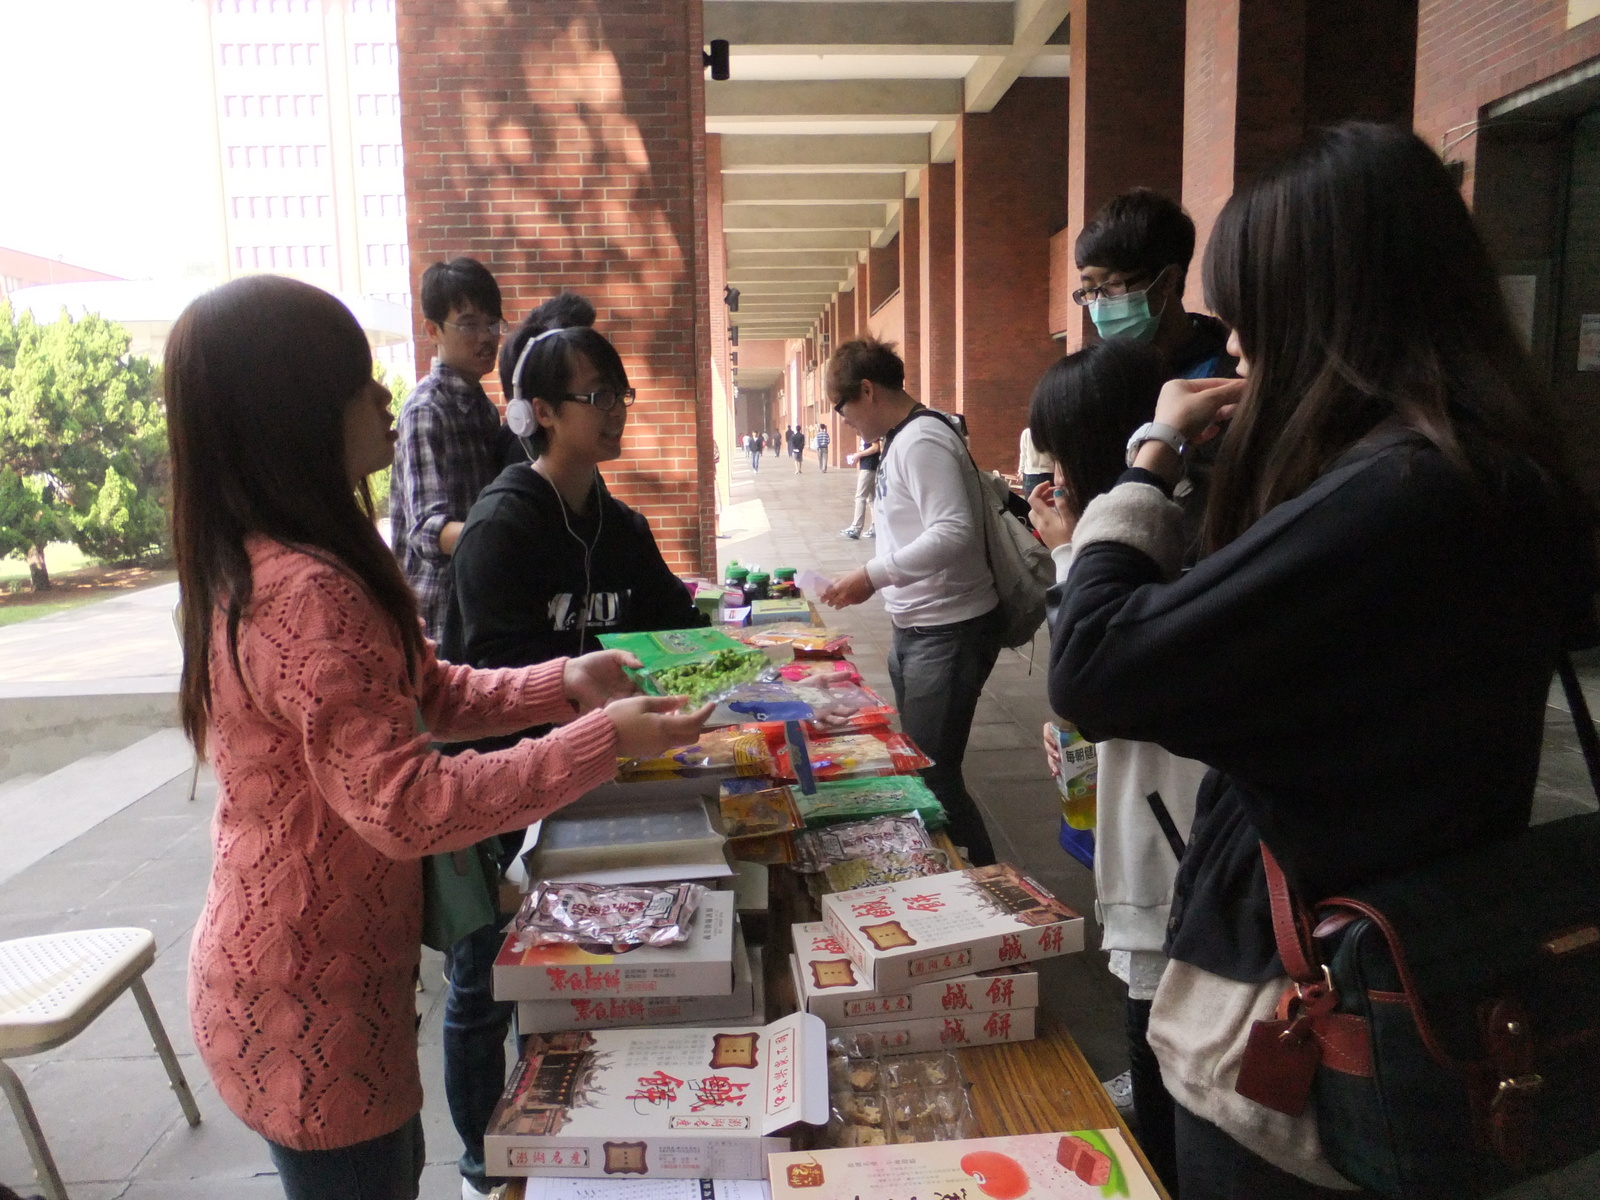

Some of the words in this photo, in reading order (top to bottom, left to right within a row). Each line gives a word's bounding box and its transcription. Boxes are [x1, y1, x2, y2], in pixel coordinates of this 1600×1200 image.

[1066, 744, 1097, 764] 每朝健
[998, 925, 1064, 962] 鹹餅
[941, 978, 1014, 1011] 鹹餅
[939, 1012, 1012, 1044] 鹹餅

● YOUR ASSIGNMENT
Set the records down again exactly as given, and leave the pictures out.

● ANSWER SECTION
Some of the words in this photo, in reading order (top to bottom, left to right within a row). Each line gives a word's bounding box and its transcription. Boxes are [x1, y1, x2, y2], in pixel coordinates of this 1600×1200 image.

[1066, 744, 1097, 764] 每朝健
[998, 925, 1064, 962] 鹹餅
[941, 978, 1014, 1011] 鹹餅
[939, 1012, 1012, 1044] 鹹餅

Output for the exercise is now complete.